How we verify each signal
- Capture. Every message a trader publishes in their public Telegram channel — text plus any chart screenshot — is saved as-is, with the exact publication timestamp. That timestamp is the anchor for everything that follows.
- Read. Our extraction model pulls out the coin, direction (long/short), entry, take-profits, stop-loss and leverage. If a number is drawn on the chart, OCR reads it off. We don't invent missing prices; gaps go to step 3.
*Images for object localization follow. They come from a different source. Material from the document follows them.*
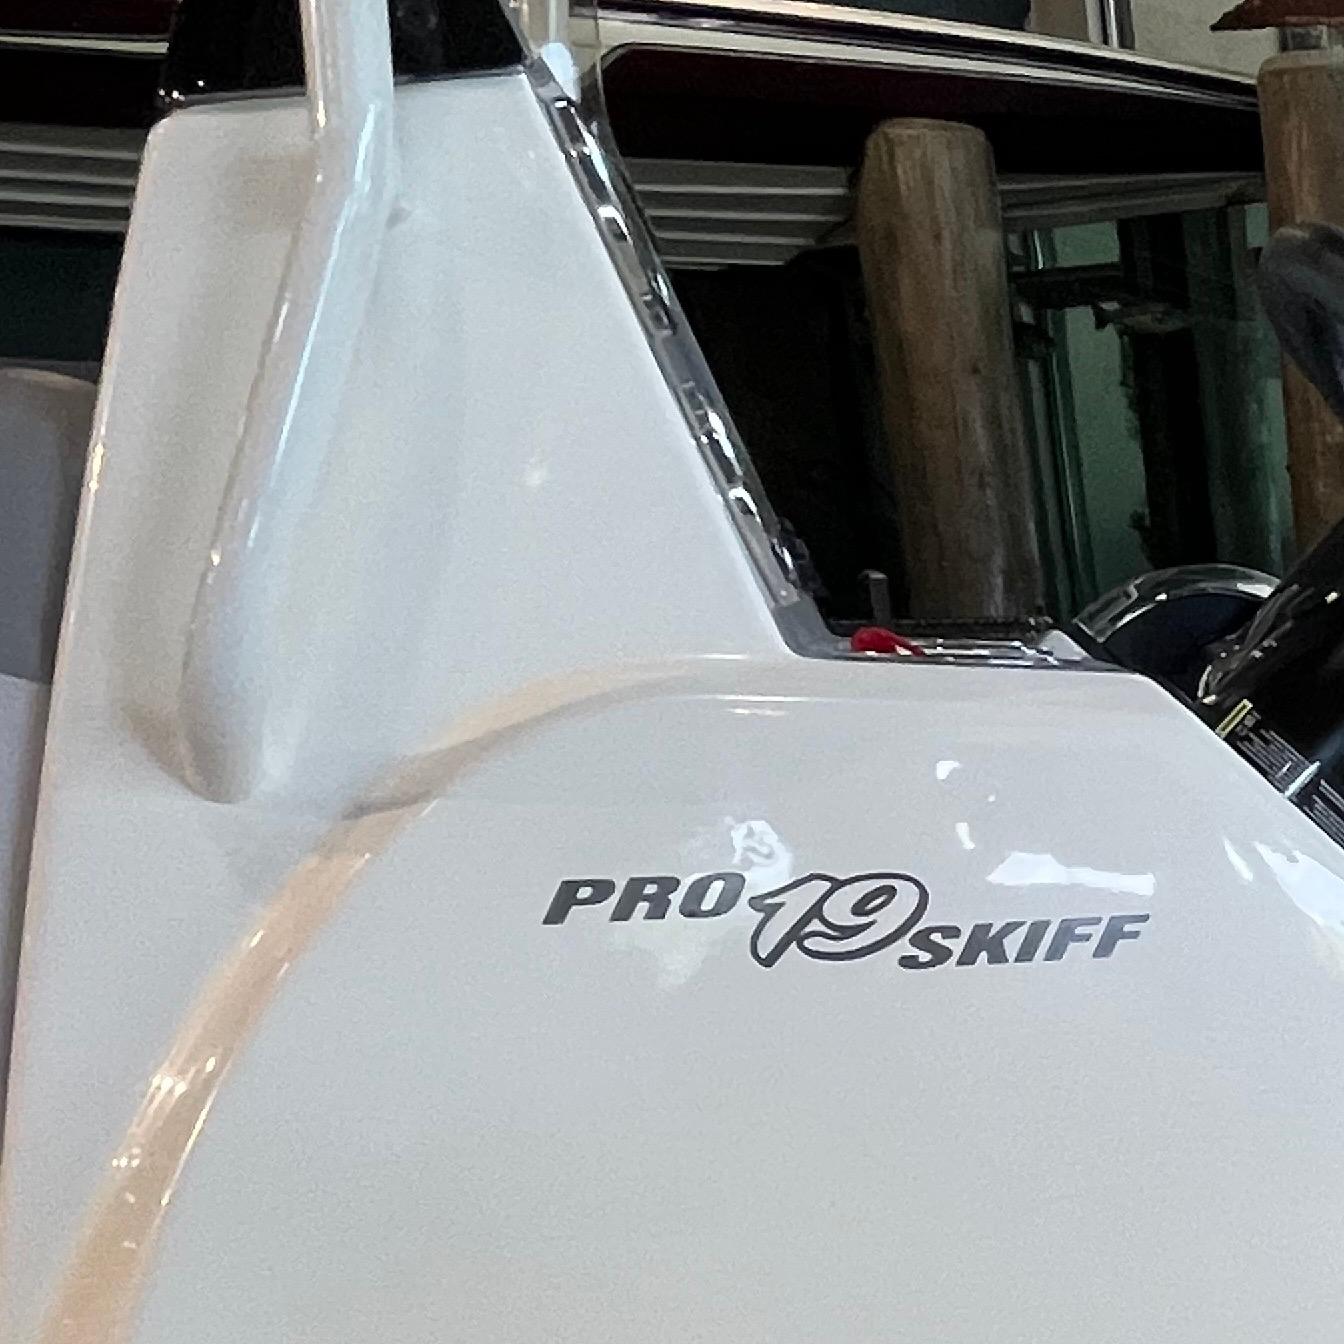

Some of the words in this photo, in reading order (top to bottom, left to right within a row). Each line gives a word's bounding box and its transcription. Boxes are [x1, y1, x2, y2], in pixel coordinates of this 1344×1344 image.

[541, 871, 746, 926] PRO
[747, 871, 930, 969] 19
[897, 912, 1151, 970] SKIFF
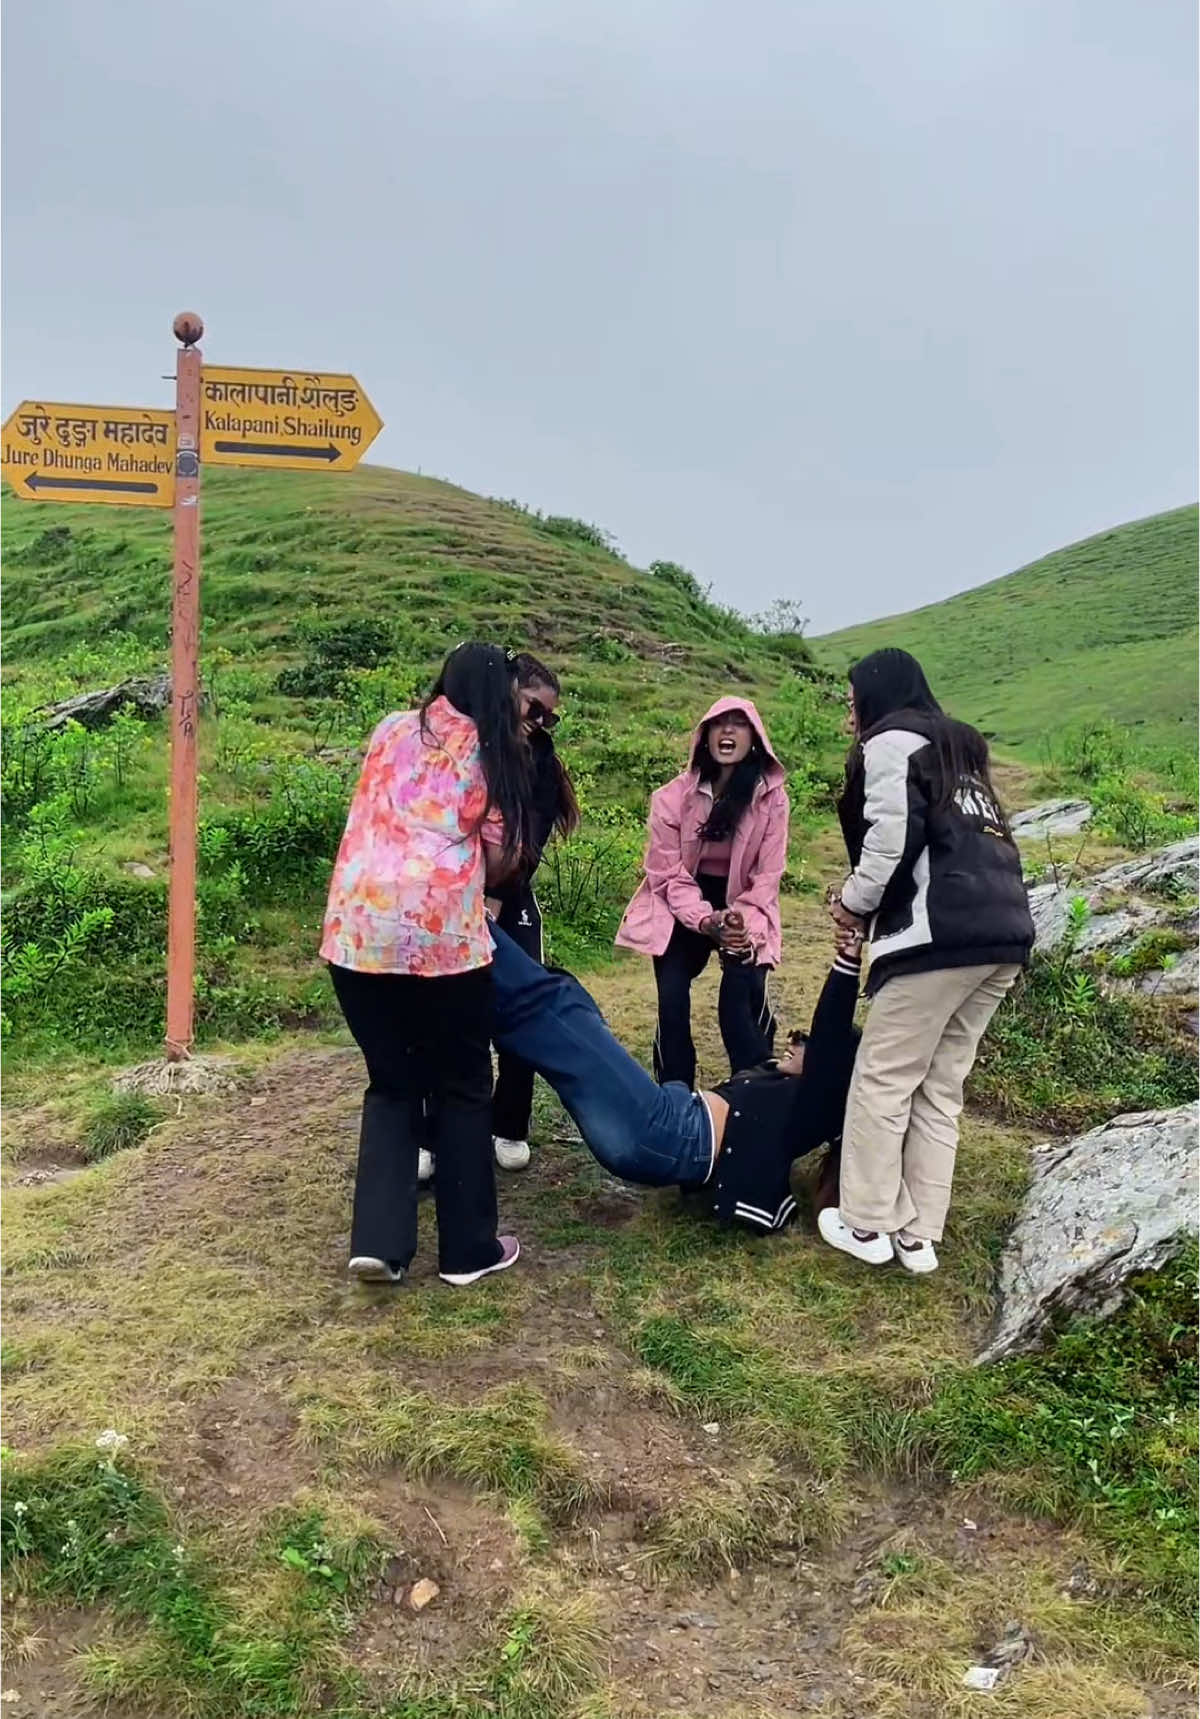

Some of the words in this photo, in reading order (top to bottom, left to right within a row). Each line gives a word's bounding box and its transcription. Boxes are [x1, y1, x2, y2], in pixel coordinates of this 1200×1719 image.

[16, 405, 52, 445] जुरे
[103, 414, 169, 448] महादेव
[1, 444, 39, 465] Jure
[43, 448, 102, 474] Dhunga
[107, 452, 173, 475] Mahadev
- Standardize. When a trader posts an incomplete plan we apply the same defaults to every signal so they can be compared: stop-loss = entry × (1 − 1/leverage), leverage = 10× when undisclosed, market entry, and three synthetic take-profits at 33% / 66% / 100% of the entry-to-stop distance.
-
Slippage gate. If by the time the post lands
the market has already eaten more than 70% of the path from
entry to TP1, no honest follower could have filled at that
price — the signal is marked
MISSEDand excluded from Win Rate. - Backtest. Surviving signals are replayed against real minute-by-minute OHLC candles from the exchange. The fill price is the open of the publication-minute candle. The simulated position uses a fixed $100 margin at the signal's leverage — a common scale for USDT P&L across traders, not position-sizing advice.
- Record. Each closed trade gets a realized PnL in USDT (after leverage) and an ROI %. These trades feed the Win Rate, P&L and ROI numbers below.
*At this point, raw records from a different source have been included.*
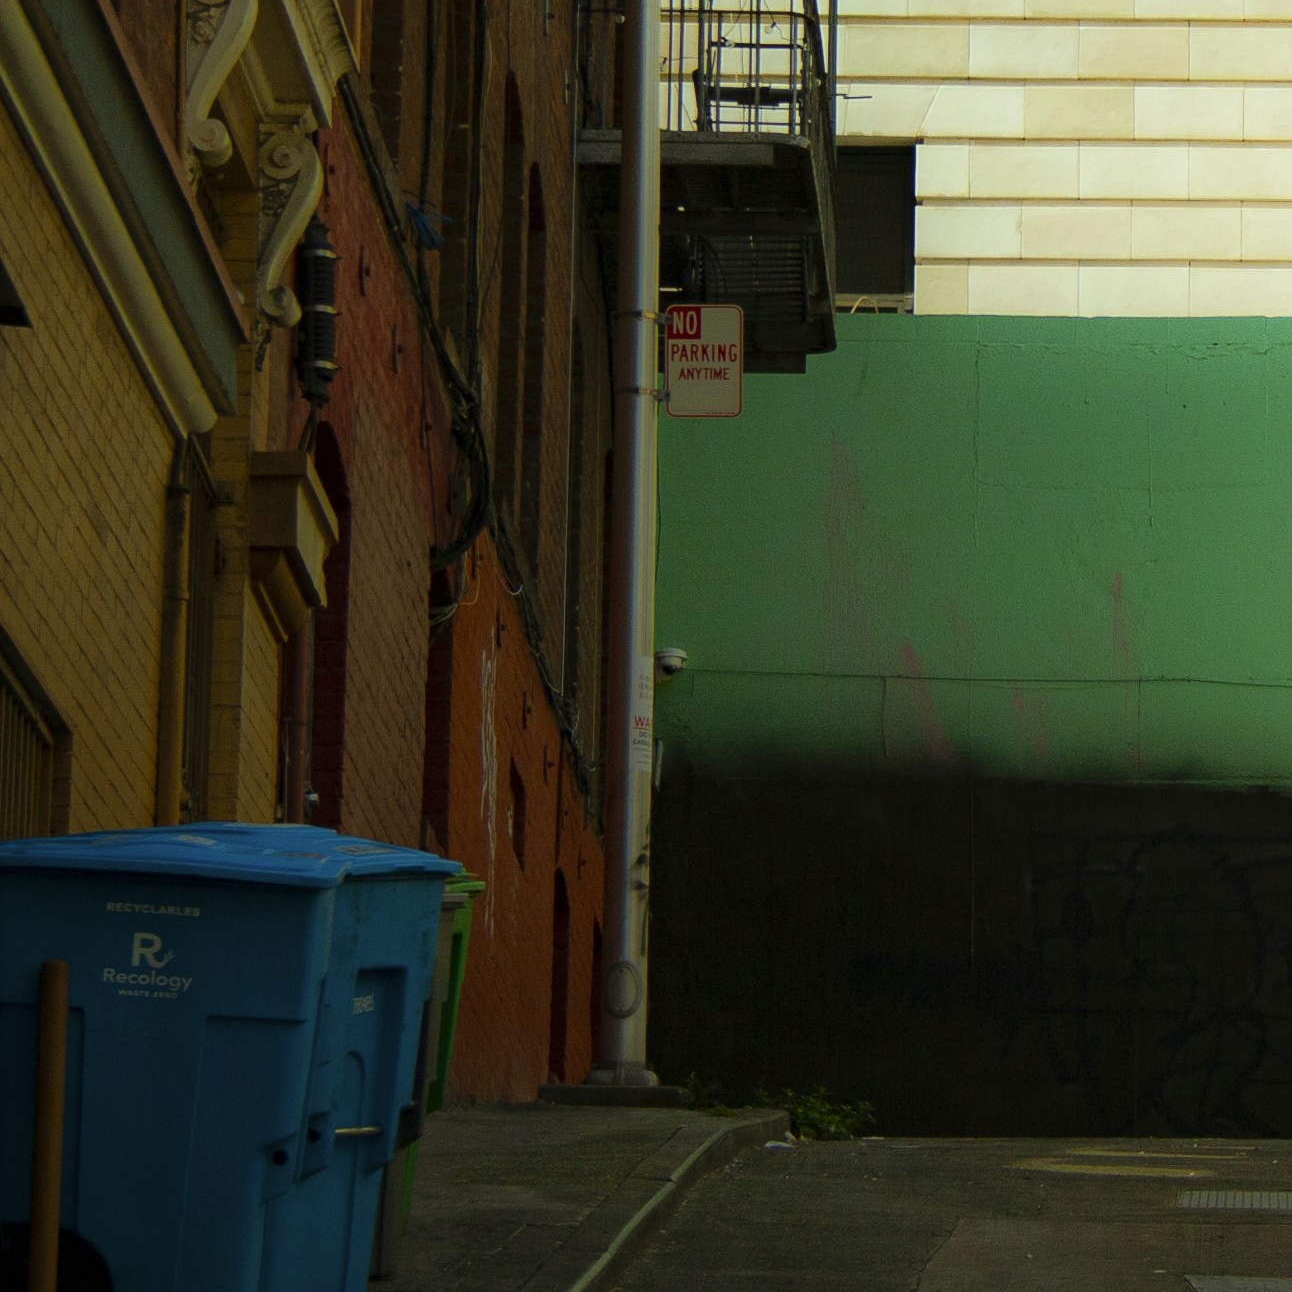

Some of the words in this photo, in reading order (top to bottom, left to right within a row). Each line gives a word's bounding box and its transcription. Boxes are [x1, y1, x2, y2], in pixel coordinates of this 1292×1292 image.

[672, 311, 698, 335] NO
[671, 344, 738, 363] PARKING
[678, 367, 730, 380] ANYTIME
[106, 901, 201, 918] RECYCLABLES
[103, 967, 193, 992] Recology
[118, 989, 150, 998] WASTE
[153, 991, 178, 999] ZERO
What counts as a closed trade
A signal is treated as closed only when its status is one of: CLOSED_FULL, CLOSED_PARTIAL.
- CLOSED_FULL — all take-profit levels hit, or the stop-loss closed the position.
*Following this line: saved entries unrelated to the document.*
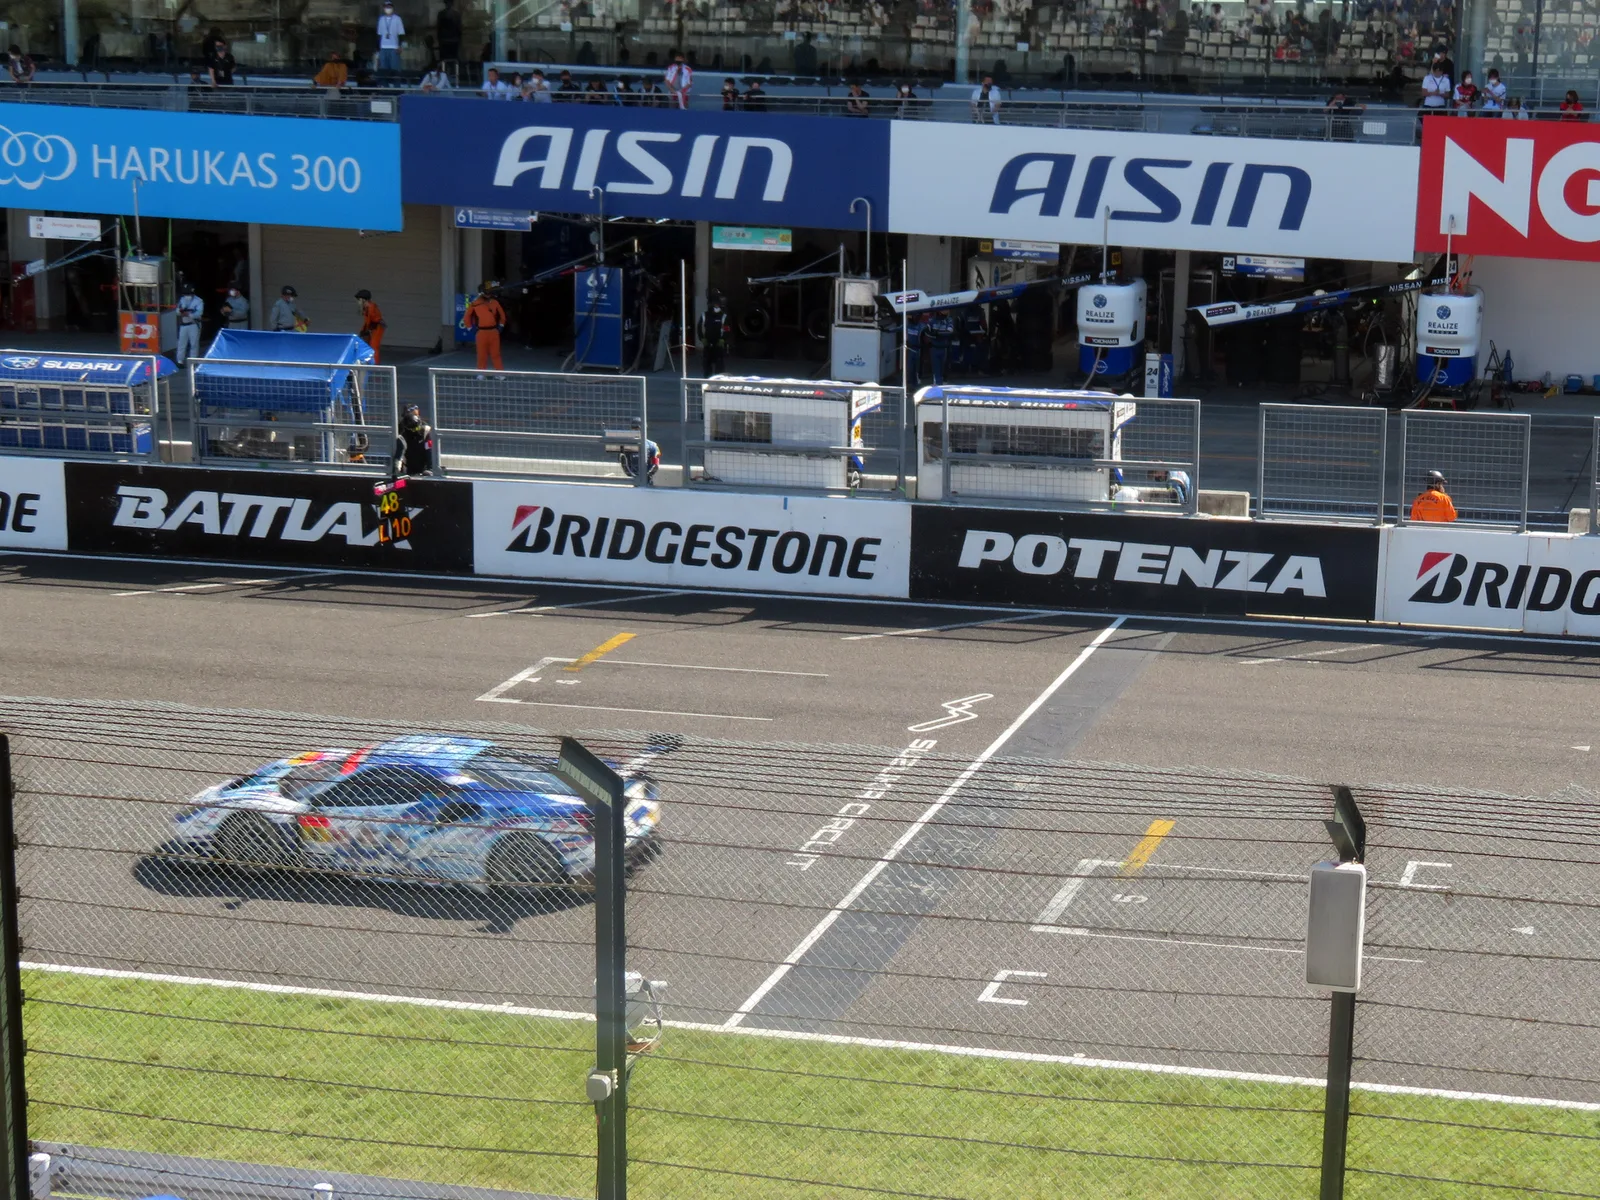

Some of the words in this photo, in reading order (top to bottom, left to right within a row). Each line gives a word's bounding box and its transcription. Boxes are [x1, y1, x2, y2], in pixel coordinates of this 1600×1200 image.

[92, 144, 279, 189] HARUKAS
[290, 154, 362, 194] 300
[493, 126, 793, 202] AISIN
[988, 152, 1312, 231] AISIN
[1440, 135, 1600, 243] NG
[457, 209, 473, 223] 61
[1224, 259, 1234, 267] 24
[1061, 274, 1091, 285] NISSAN
[1388, 281, 1423, 292] NISSAN
[936, 296, 959, 306] REALIZE
[1086, 310, 1115, 318] REALIZE
[1251, 307, 1277, 317] REALIZE
[42, 360, 123, 371] SUBARU
[1147, 367, 1158, 376] 24
[719, 384, 773, 394] NISSAN
[380, 492, 399, 514] 48
[379, 525, 390, 543] L
[393, 516, 411, 538] 10
[505, 504, 882, 580] BRIDGESTONE
[957, 529, 1327, 598] POTENZA
[1408, 552, 1600, 615] BRIDG
[786, 802, 871, 871] CIRCUIT
- CLOSED_PARTIAL — at least TP1 hit and the rest of the position closed afterwards.
Active, pending and errored signals are excluded from Win Rate and P&L.
How a closed trade is classified
Every closed trade has a result — profit or loss in USDT, after leverage. That result puts the trade into one of four buckets:
- Win — closed in profit.
- Loss — closed in the red.
- Break-even — closed flat. Not a win, but not a loss either — still counts toward the total number of closed trades.
- Excluded — closed, but we couldn't compute the result (rare). Dropped from the stats.
Win Rate
Win Rate is the share of wins among closed trades: Win Rate = wins ÷ all closed trades × 100%. "All closed trades" means wins + losses + break-even — everything whose outcome we know. Rounded to two decimal places.
P&L and ROI
- P&L (USDT) — total profit or loss across all closed trades. Each one is simulated with the same $100 margin (step 5), and only realized results add up — open positions don't move this number.
- ROI % — the average of every trade's ROI (with leverage). It's the average return per signal — every trade with equal weight, no reinvestment. Not a portfolio return.
What time period we count
By default — the last 30 days, by the signal's publication date. On the trader profile the window can be changed: for example, just the past week or all time.
What we do not (yet) account for
- Position size — every trade is simulated with the same $100 (step 5), so traders can be compared on the same scale. We don't know the trader's real account size or how much they put into a specific signal.
- Exchange slippage and fees — we use the prices in the signal and don't subtract real-world execution costs. On a live exchange the result will be slightly worse.
- Partial closes — if a trader hit the first take-profit and closed the rest manually, we still count the trade as a full win. A stricter methodology would give a slightly lower Win Rate than ours.
The full implementation lives in core/stats_service.py; this page and that file are updated together.